Problem details » Your response needs to be the data below, retyped exactly.

Records contained in a dataset

------------------------

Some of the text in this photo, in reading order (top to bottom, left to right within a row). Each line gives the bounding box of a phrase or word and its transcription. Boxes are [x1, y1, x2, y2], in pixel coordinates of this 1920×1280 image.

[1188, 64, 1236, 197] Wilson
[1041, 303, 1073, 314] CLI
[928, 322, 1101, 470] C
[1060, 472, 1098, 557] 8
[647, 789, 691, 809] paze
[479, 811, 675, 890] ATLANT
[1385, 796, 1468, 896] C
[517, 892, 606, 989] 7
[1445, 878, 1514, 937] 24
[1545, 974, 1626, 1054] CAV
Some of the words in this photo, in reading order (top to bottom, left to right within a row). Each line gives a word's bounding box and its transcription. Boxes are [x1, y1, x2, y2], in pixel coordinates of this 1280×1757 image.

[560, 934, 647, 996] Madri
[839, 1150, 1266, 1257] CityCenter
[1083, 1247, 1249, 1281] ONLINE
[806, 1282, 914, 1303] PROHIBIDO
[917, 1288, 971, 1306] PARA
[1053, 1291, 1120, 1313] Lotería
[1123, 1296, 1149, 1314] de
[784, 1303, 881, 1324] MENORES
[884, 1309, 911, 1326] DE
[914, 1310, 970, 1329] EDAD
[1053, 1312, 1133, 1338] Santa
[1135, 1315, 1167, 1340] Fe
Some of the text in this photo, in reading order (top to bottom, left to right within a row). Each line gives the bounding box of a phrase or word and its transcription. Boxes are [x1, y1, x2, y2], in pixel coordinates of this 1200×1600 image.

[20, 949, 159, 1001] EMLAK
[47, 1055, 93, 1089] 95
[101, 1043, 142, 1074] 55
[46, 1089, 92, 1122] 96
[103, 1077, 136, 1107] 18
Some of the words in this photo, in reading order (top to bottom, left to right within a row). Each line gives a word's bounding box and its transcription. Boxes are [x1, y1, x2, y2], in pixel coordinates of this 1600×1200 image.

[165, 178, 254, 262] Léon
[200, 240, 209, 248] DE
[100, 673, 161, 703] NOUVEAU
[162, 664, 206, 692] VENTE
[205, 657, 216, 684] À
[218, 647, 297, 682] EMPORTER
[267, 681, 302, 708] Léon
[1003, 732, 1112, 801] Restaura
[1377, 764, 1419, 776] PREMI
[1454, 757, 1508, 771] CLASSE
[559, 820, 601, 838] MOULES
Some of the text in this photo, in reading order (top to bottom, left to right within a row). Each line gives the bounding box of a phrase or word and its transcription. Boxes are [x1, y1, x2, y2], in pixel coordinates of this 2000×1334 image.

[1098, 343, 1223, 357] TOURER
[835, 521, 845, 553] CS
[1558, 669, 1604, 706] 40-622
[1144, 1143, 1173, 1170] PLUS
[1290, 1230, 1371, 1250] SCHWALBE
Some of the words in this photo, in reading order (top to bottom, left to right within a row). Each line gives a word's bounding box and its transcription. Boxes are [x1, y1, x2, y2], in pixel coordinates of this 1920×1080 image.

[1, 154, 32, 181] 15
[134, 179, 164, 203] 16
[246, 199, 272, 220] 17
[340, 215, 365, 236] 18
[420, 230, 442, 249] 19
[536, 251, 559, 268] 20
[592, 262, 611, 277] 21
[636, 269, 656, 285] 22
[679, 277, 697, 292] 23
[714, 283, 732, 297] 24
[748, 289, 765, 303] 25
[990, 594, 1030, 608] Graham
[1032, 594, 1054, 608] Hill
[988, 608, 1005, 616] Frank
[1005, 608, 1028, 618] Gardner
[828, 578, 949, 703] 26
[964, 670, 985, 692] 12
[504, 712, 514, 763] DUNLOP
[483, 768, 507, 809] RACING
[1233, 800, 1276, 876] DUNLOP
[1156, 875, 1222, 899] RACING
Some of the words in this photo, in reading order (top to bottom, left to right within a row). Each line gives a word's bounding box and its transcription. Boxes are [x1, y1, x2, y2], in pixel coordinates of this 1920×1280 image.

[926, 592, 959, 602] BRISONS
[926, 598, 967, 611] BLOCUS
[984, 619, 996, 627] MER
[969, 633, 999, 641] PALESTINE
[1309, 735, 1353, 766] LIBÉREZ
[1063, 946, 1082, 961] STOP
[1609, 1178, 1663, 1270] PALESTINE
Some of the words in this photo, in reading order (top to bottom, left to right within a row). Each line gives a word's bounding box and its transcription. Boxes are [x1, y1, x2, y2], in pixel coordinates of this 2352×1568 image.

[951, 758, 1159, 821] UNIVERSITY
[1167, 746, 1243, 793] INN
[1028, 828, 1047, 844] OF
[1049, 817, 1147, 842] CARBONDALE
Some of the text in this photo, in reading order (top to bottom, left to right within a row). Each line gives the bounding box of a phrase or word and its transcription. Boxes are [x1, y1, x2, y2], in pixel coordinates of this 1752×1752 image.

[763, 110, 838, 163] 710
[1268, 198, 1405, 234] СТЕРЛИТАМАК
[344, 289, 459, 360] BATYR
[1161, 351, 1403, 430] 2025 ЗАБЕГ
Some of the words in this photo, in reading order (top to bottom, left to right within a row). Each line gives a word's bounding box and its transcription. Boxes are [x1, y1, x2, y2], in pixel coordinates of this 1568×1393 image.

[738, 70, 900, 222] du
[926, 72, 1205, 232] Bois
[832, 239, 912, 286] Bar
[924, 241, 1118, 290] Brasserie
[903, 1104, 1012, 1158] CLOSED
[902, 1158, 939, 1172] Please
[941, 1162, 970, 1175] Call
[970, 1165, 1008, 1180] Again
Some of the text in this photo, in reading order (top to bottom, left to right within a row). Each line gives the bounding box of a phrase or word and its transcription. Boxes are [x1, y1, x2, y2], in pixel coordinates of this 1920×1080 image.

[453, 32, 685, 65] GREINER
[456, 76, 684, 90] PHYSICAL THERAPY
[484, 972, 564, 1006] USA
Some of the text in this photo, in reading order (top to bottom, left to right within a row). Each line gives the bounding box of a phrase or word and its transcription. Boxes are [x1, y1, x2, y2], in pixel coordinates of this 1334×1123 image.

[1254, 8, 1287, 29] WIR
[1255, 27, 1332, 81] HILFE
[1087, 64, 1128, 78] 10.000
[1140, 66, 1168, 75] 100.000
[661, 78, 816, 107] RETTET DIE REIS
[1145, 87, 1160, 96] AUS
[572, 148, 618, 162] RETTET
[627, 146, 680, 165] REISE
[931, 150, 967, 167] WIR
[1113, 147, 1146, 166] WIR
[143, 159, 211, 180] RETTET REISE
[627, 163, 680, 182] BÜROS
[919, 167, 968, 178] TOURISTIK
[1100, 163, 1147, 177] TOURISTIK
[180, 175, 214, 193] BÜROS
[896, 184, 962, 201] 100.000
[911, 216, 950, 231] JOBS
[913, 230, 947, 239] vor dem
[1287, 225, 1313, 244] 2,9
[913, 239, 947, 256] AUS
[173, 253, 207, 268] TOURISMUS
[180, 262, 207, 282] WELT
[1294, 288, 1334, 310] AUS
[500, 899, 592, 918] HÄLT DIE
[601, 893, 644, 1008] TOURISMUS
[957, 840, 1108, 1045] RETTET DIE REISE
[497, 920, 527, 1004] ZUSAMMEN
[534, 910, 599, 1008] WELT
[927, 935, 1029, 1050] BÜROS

------------------------

Response box »
Some of the text in this photo, in reading order (top to bottom, left to right within a row). Each line gives the bounding box of a phrase or word and its transcription. Boxes are [x1, y1, x2, y2], in pixel coordinates of this 1920×1280 image.

[1188, 64, 1236, 197] Wilson
[1041, 303, 1073, 314] CLI
[928, 322, 1101, 470] C
[1060, 472, 1098, 557] 8
[647, 789, 691, 809] paze
[479, 811, 675, 890] ATLANT
[1385, 796, 1468, 896] C
[517, 892, 606, 989] 7
[1445, 878, 1514, 937] 24
[1545, 974, 1626, 1054] CAV
Some of the words in this photo, in reading order (top to bottom, left to right within a row). Each line gives a word's bounding box and its transcription. Boxes are [x1, y1, x2, y2], in pixel coordinates of this 1280×1757 image.

[560, 934, 647, 996] Madri
[839, 1150, 1266, 1257] CityCenter
[1083, 1247, 1249, 1281] ONLINE
[806, 1282, 914, 1303] PROHIBIDO
[917, 1288, 971, 1306] PARA
[1053, 1291, 1120, 1313] Lotería
[1123, 1296, 1149, 1314] de
[784, 1303, 881, 1324] MENORES
[884, 1309, 911, 1326] DE
[914, 1310, 970, 1329] EDAD
[1053, 1312, 1133, 1338] Santa
[1135, 1315, 1167, 1340] Fe
Some of the text in this photo, in reading order (top to bottom, left to right within a row). Each line gives the bounding box of a phrase or word and its transcription. Boxes are [x1, y1, x2, y2], in pixel coordinates of this 1200×1600 image.

[20, 949, 159, 1001] EMLAK
[47, 1055, 93, 1089] 95
[101, 1043, 142, 1074] 55
[46, 1089, 92, 1122] 96
[103, 1077, 136, 1107] 18
Some of the words in this photo, in reading order (top to bottom, left to right within a row). Each line gives a word's bounding box and its transcription. Boxes are [x1, y1, x2, y2], in pixel coordinates of this 1600×1200 image.

[165, 178, 254, 262] Léon
[200, 240, 209, 248] DE
[100, 673, 161, 703] NOUVEAU
[162, 664, 206, 692] VENTE
[205, 657, 216, 684] À
[218, 647, 297, 682] EMPORTER
[267, 681, 302, 708] Léon
[1003, 732, 1112, 801] Restaura
[1377, 764, 1419, 776] PREMI
[1454, 757, 1508, 771] CLASSE
[559, 820, 601, 838] MOULES
Some of the text in this photo, in reading order (top to bottom, left to right within a row). Each line gives the bounding box of a phrase or word and its transcription. Boxes are [x1, y1, x2, y2], in pixel coordinates of this 2000×1334 image.

[1098, 343, 1223, 357] TOURER
[835, 521, 845, 553] CS
[1558, 669, 1604, 706] 40-622
[1144, 1143, 1173, 1170] PLUS
[1290, 1230, 1371, 1250] SCHWALBE
Some of the words in this photo, in reading order (top to bottom, left to right within a row). Each line gives a word's bounding box and its transcription. Boxes are [x1, y1, x2, y2], in pixel coordinates of this 1920×1080 image.

[1, 154, 32, 181] 15
[134, 179, 164, 203] 16
[246, 199, 272, 220] 17
[340, 215, 365, 236] 18
[420, 230, 442, 249] 19
[536, 251, 559, 268] 20
[592, 262, 611, 277] 21
[636, 269, 656, 285] 22
[679, 277, 697, 292] 23
[714, 283, 732, 297] 24
[748, 289, 765, 303] 25
[990, 594, 1030, 608] Graham
[1032, 594, 1054, 608] Hill
[988, 608, 1005, 616] Frank
[1005, 608, 1028, 618] Gardner
[828, 578, 949, 703] 26
[964, 670, 985, 692] 12
[504, 712, 514, 763] DUNLOP
[483, 768, 507, 809] RACING
[1233, 800, 1276, 876] DUNLOP
[1156, 875, 1222, 899] RACING
Some of the words in this photo, in reading order (top to bottom, left to right within a row). Each line gives a word's bounding box and its transcription. Boxes are [x1, y1, x2, y2], in pixel coordinates of this 1920×1280 image.

[926, 592, 959, 602] BRISONS
[926, 598, 967, 611] BLOCUS
[984, 619, 996, 627] MER
[969, 633, 999, 641] PALESTINE
[1309, 735, 1353, 766] LIBÉREZ
[1063, 946, 1082, 961] STOP
[1609, 1178, 1663, 1270] PALESTINE
Some of the words in this photo, in reading order (top to bottom, left to right within a row). Each line gives a word's bounding box and its transcription. Boxes are [x1, y1, x2, y2], in pixel coordinates of this 2352×1568 image.

[951, 758, 1159, 821] UNIVERSITY
[1167, 746, 1243, 793] INN
[1028, 828, 1047, 844] OF
[1049, 817, 1147, 842] CARBONDALE
Some of the text in this photo, in reading order (top to bottom, left to right within a row). Each line gives the bounding box of a phrase or word and its transcription. Boxes are [x1, y1, x2, y2], in pixel coordinates of this 1752×1752 image.

[763, 110, 838, 163] 710
[1268, 198, 1405, 234] СТЕРЛИТАМАК
[344, 289, 459, 360] BATYR
[1161, 351, 1403, 430] 2025 ЗАБЕГ
Some of the words in this photo, in reading order (top to bottom, left to right within a row). Each line gives a word's bounding box and its transcription. Boxes are [x1, y1, x2, y2], in pixel coordinates of this 1568×1393 image.

[738, 70, 900, 222] du
[926, 72, 1205, 232] Bois
[832, 239, 912, 286] Bar
[924, 241, 1118, 290] Brasserie
[903, 1104, 1012, 1158] CLOSED
[902, 1158, 939, 1172] Please
[941, 1162, 970, 1175] Call
[970, 1165, 1008, 1180] Again
Some of the text in this photo, in reading order (top to bottom, left to right within a row). Each line gives the bounding box of a phrase or word and its transcription. Boxes are [x1, y1, x2, y2], in pixel coordinates of this 1920×1080 image.

[453, 32, 685, 65] GREINER
[456, 76, 684, 90] PHYSICAL THERAPY
[484, 972, 564, 1006] USA
Some of the text in this photo, in reading order (top to bottom, left to right within a row). Each line gives the bounding box of a phrase or word and its transcription. Boxes are [x1, y1, x2, y2], in pixel coordinates of this 1334×1123 image.

[1254, 8, 1287, 29] WIR
[1255, 27, 1332, 81] HILFE
[1087, 64, 1128, 78] 10.000
[1140, 66, 1168, 75] 100.000
[661, 78, 816, 107] RETTET DIE REIS
[1145, 87, 1160, 96] AUS
[572, 148, 618, 162] RETTET
[627, 146, 680, 165] REISE
[931, 150, 967, 167] WIR
[1113, 147, 1146, 166] WIR
[143, 159, 211, 180] RETTET REISE
[627, 163, 680, 182] BÜROS
[919, 167, 968, 178] TOURISTIK
[1100, 163, 1147, 177] TOURISTIK
[180, 175, 214, 193] BÜROS
[896, 184, 962, 201] 100.000
[911, 216, 950, 231] JOBS
[913, 230, 947, 239] vor dem
[1287, 225, 1313, 244] 2,9
[913, 239, 947, 256] AUS
[173, 253, 207, 268] TOURISMUS
[180, 262, 207, 282] WELT
[1294, 288, 1334, 310] AUS
[500, 899, 592, 918] HÄLT DIE
[601, 893, 644, 1008] TOURISMUS
[957, 840, 1108, 1045] RETTET DIE REISE
[497, 920, 527, 1004] ZUSAMMEN
[534, 910, 599, 1008] WELT
[927, 935, 1029, 1050] BÜROS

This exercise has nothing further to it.